The crowd, which included musicians, actors, visual artists, arts administrators and even a few people who claimed not to have a creative bone in their bodies, was lively despite the stormy weather and the 8:30 a.m. hour, chatting as they enjoyed free coffee and doughnuts, and commenting on each others' answers to a question on a name tag handed out when they arrived: "What advice would you give to your younger self?"
After 30 minutes of socializing and opening remarks by Creative Mornings chapter host Kerry Skiles and Thalian Hall director Shane Fernando, it was time for the main event: A Ted Talk-like presentation by James Tritten of Wilmington label Fort Lowell Records on the topic of "reflection."
"People in creative fields or who are doing creative projects, there's always something you can learn from them," Skiles said during an interview a week or so after Creative Mornings made its Wilmington debut. "It's really about just connecting with people in the community. We want this to reflect what the community needs."
The Creative Mornings motto? "Everyone is creative."
Skiles, a native of Edenton, lived in Wilmington in the early 2000s before moving to Raleigh, where she lived for about two decades before returning to Wilmington a couple of years ago.
During her time in Raleigh she attended monthly Creative Mornings meet-ups for close to a decade, and "every time I left one, I was like, 'I'm so inspired,'" she said.
When she looked for a Wilmington chapter of Creative Mornings and found there wasn't one, she decided to start her own. Founded in Brooklyn in 2008, Creative Mornings now boasts some 238 chapters in 69 countries. According to its website, about 70,000 people attend a Creative Mornings event worldwide each month.
Events are typically held on the last Friday morning of the month, with all chapters hosting a speaker who expounds on a common theme. In September, it was "reflection."
Aside from a minor technical glitch that cropped up when slides she had prepared didn't project properly, the inaugural event seemed to go swimmingly.
"It became bigger than we expected," Skiles said, "And that was just from word of mouth."
September's speaker, James Tritten of Fort Lowell Records, told the story of how the label he runs with wife, the singer Tracy Shedd, started in Tuscon, Arizona, and responded to a tragic shooting there in 2011 by trying to put positive energy back into the community via a compilation album of local bands that raised money for anti-violence causes.

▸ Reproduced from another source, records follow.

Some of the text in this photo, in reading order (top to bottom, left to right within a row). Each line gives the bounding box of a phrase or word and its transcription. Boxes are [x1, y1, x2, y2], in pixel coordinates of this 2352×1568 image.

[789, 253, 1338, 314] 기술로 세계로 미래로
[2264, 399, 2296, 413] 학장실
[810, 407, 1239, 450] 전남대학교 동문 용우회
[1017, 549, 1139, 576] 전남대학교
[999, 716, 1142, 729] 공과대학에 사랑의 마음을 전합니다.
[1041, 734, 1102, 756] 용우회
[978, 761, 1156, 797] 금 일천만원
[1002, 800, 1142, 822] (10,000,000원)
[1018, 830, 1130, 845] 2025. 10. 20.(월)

The label has released 76 albums since its founding 2009, the majority of them since Tritten and Shedd moved to Wilmington in 2018. In 2020, inspired by the George Floyd/Black Lives Matter protests, Fort Lowell released a compilation album of Wilmington bands called "GROW" that has funded scholarships for a half-dozen students through the Wilmington chapter of the NAACP.
That project, Tritten said, "helped us realize the beauty of what was here," and he also talked about the label's "This Water Is Life" series of albums that pairs Wilmington indie rockers with local hip-hop artists to raise money for environmental causes.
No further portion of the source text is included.